### TASK DATA
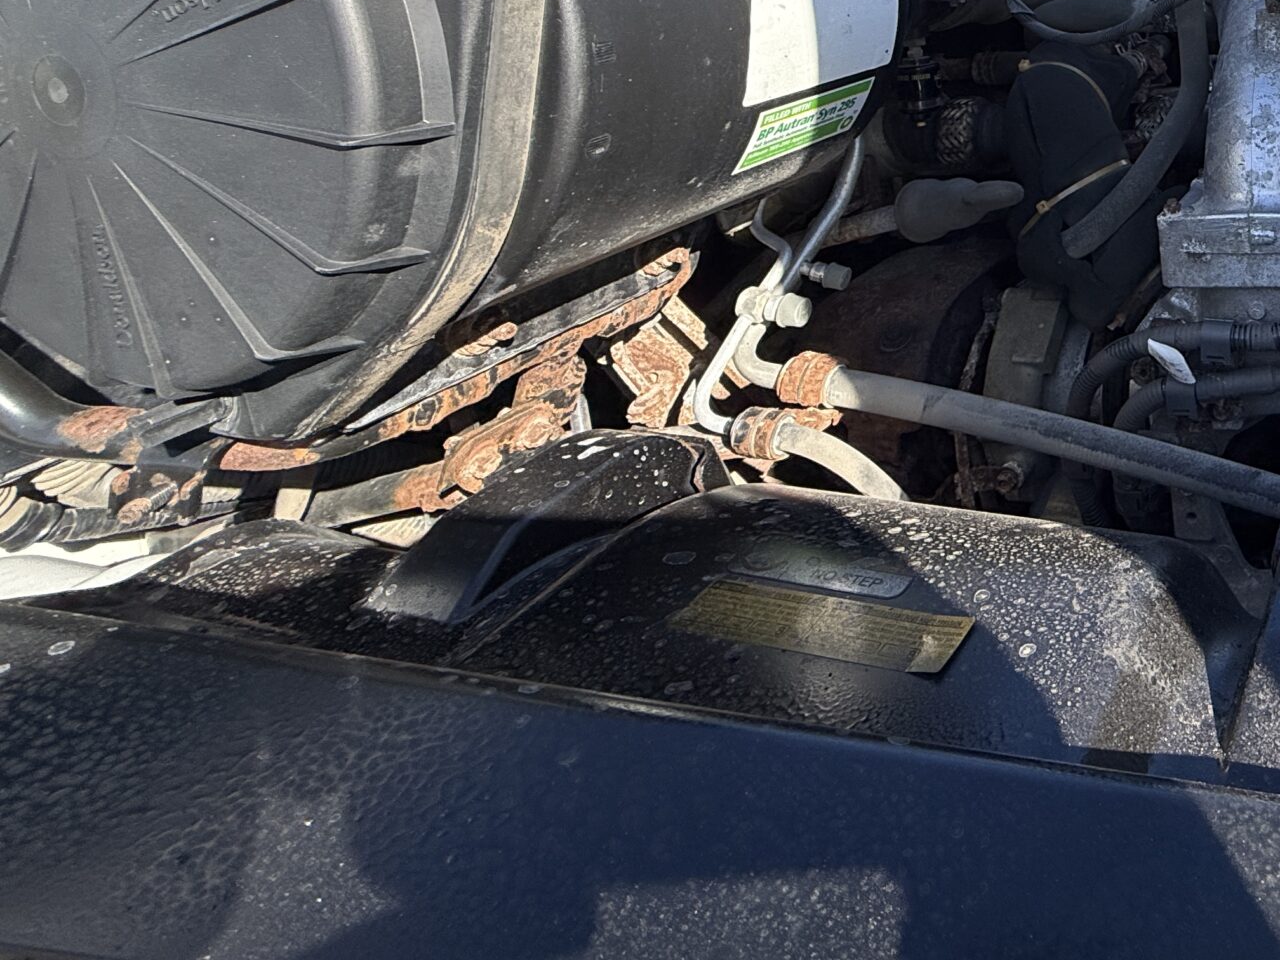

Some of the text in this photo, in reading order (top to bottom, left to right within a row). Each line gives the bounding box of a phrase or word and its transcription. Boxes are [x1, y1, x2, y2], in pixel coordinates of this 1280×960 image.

[757, 126, 775, 141] BP
[773, 113, 815, 136] Autran
[816, 105, 838, 121] Syn
[838, 96, 857, 112] 295
[91, 223, 134, 349] Donaldson
[810, 567, 884, 588] NO STEP
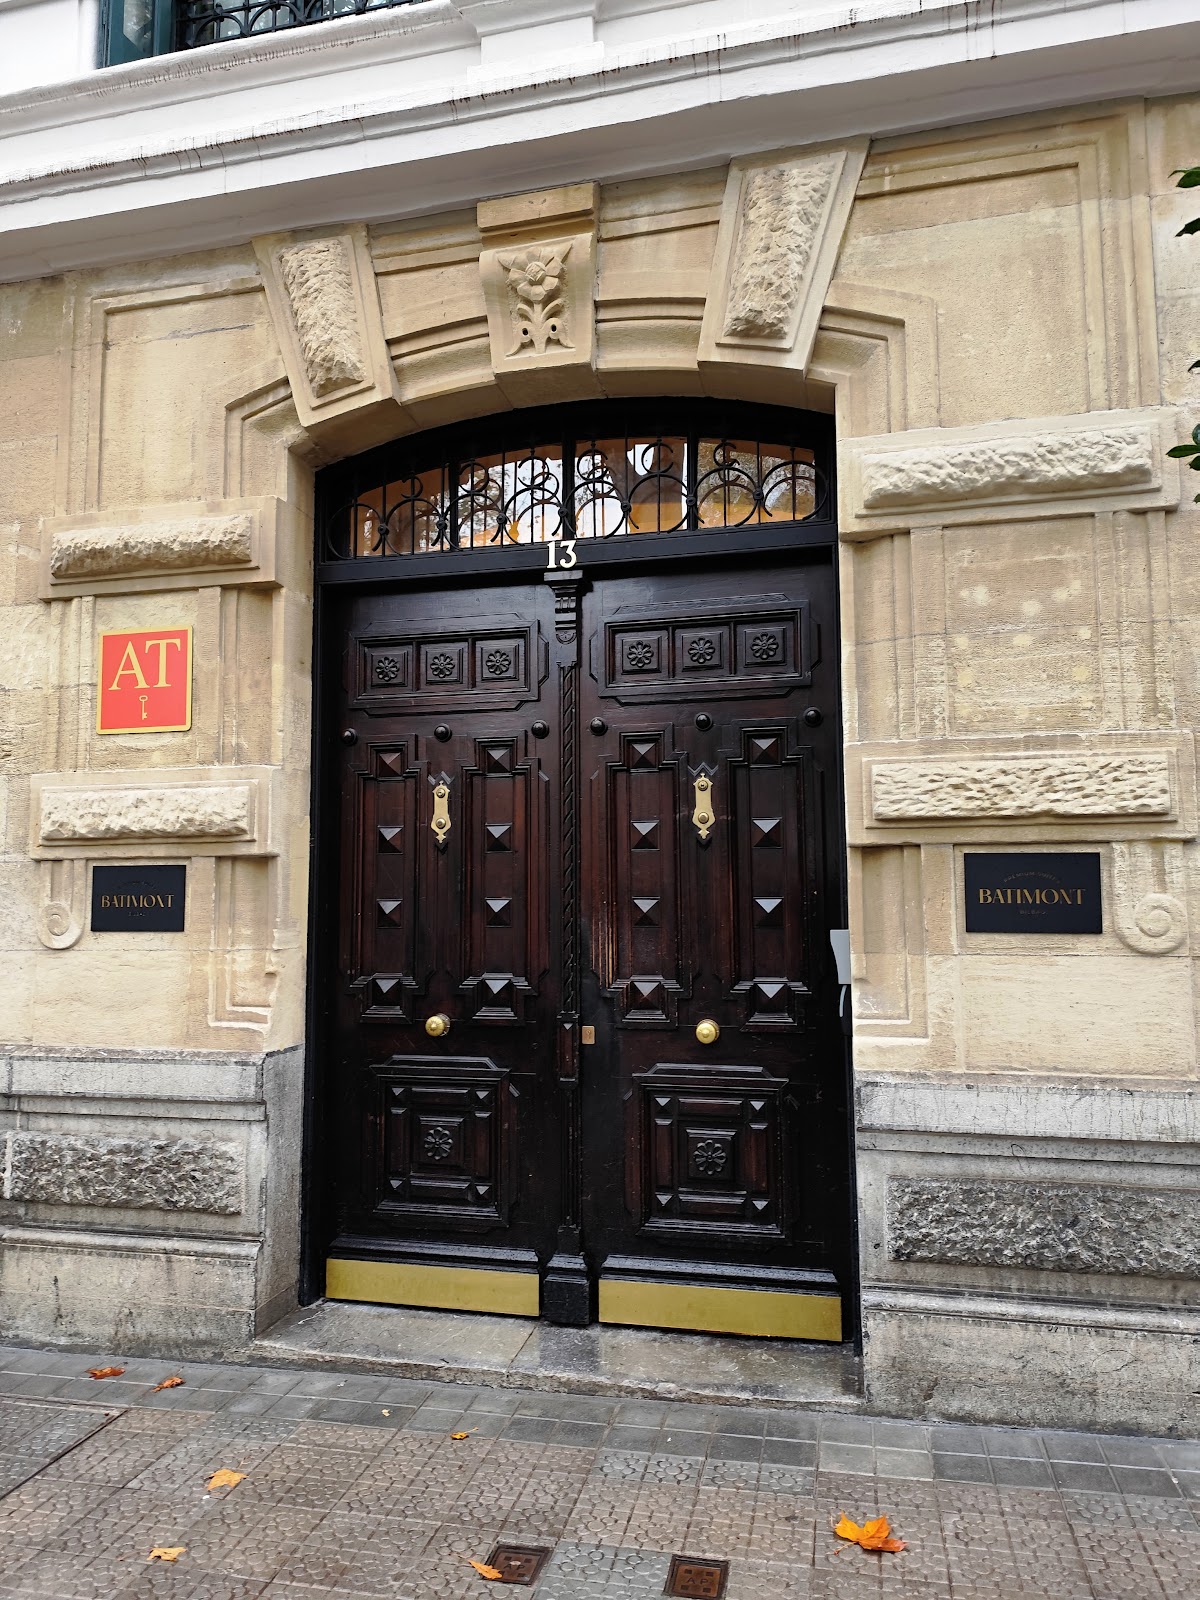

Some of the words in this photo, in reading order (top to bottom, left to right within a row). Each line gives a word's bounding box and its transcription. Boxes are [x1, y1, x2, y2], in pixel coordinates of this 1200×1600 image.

[547, 540, 577, 569] 13
[108, 638, 181, 691] AT
[101, 894, 175, 908] BATIMONT
[979, 888, 1086, 905] BATIMONT
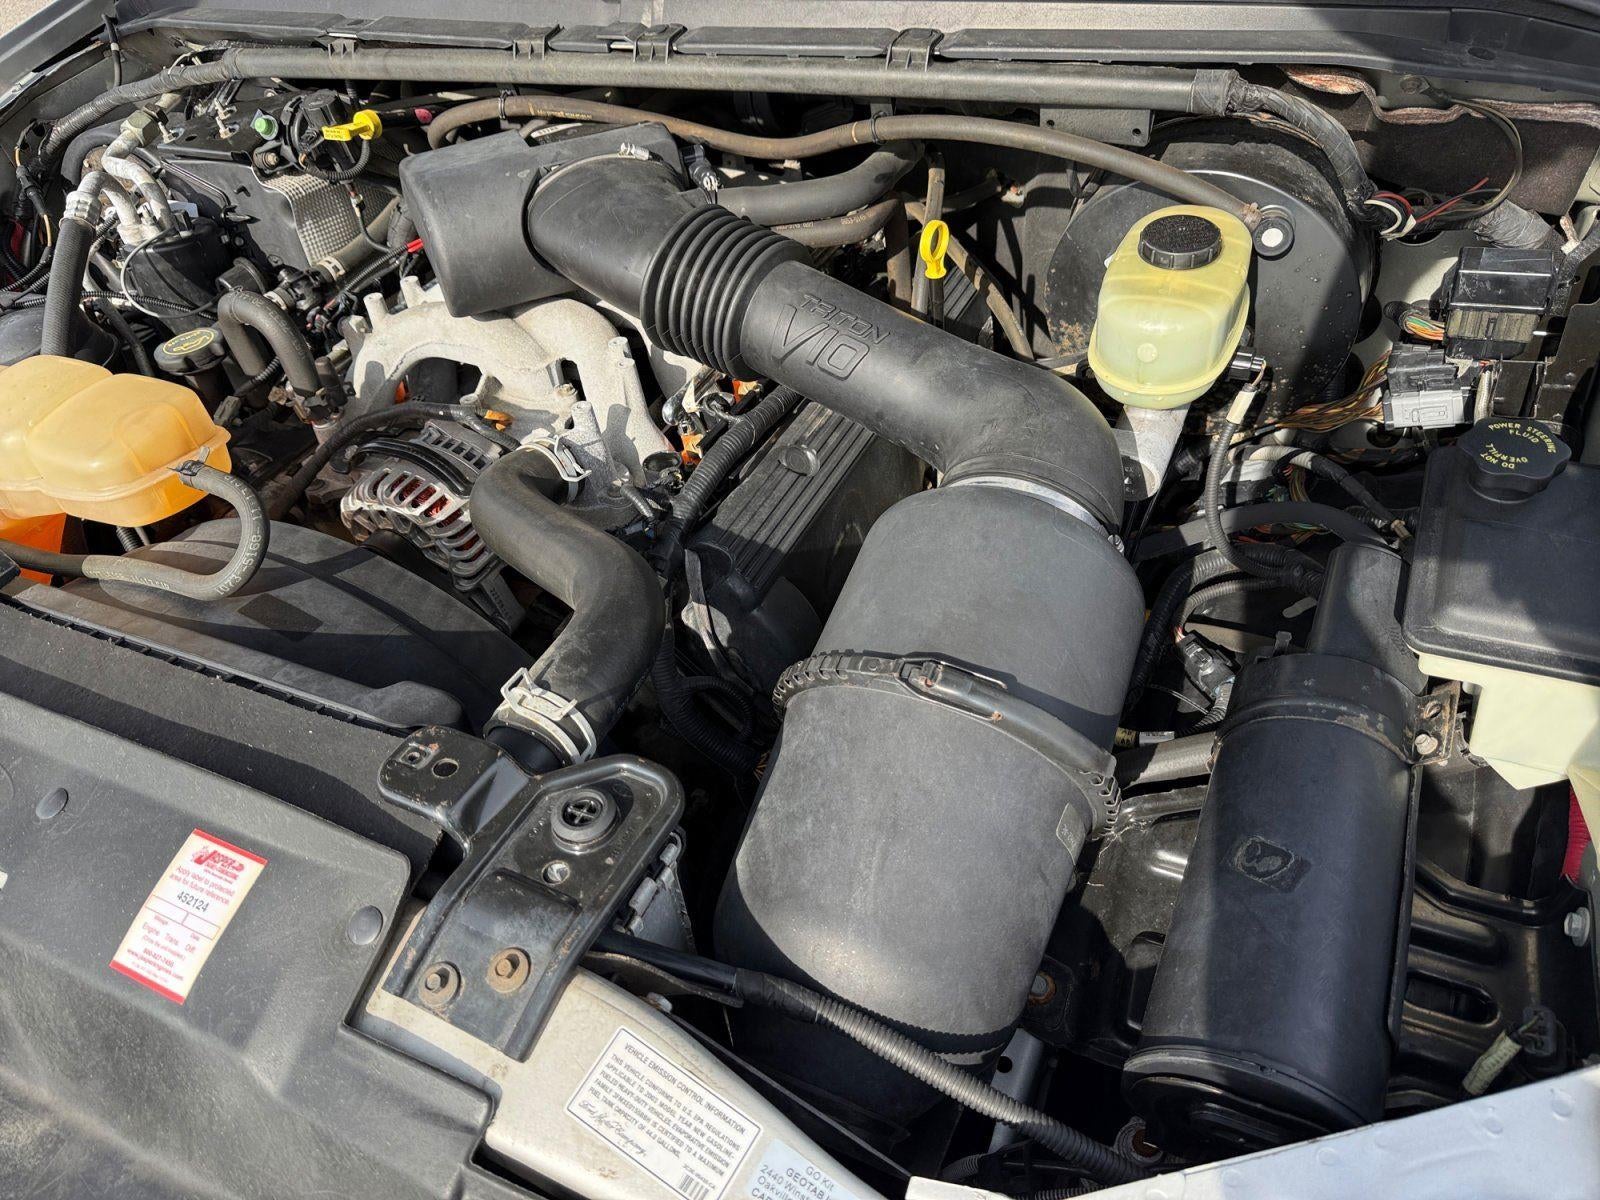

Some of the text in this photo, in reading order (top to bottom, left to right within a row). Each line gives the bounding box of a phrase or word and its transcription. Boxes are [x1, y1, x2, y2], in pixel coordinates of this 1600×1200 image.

### ASSIGNED TASK
The entries above need to be repeated word for word, minus their pictures.

### FINISHED EXERCISE
Some of the text in this photo, in reading order (top to bottom, left to right within a row). Each line gives the bounding box of a phrase or word and its transcription. Boxes are [x1, y1, x2, y2], in pixel coordinates of this 1280×960 image.

[757, 126, 775, 141] BP
[773, 113, 815, 136] Autran
[816, 105, 838, 121] Syn
[838, 96, 857, 112] 295
[91, 223, 134, 349] Donaldson
[810, 567, 884, 588] NO STEP

Some of the words in this photo, in reading order (top to bottom, left to right within a row). Each line gives a word's bounding box and its transcription. Boxes are [x1, y1, x2, y2], in pixel coordinates of this 1200×1600 image.

[547, 540, 577, 569] 13
[108, 638, 181, 691] AT
[101, 894, 175, 908] BATIMONT
[979, 888, 1086, 905] BATIMONT

Some of the text in this photo, in reading order (top to bottom, left to right within a row). Each line gives the bounding box of a phrase or word and its transcription. Boxes are [x1, y1, x2, y2], in pixel coordinates of this 1600×1200 image.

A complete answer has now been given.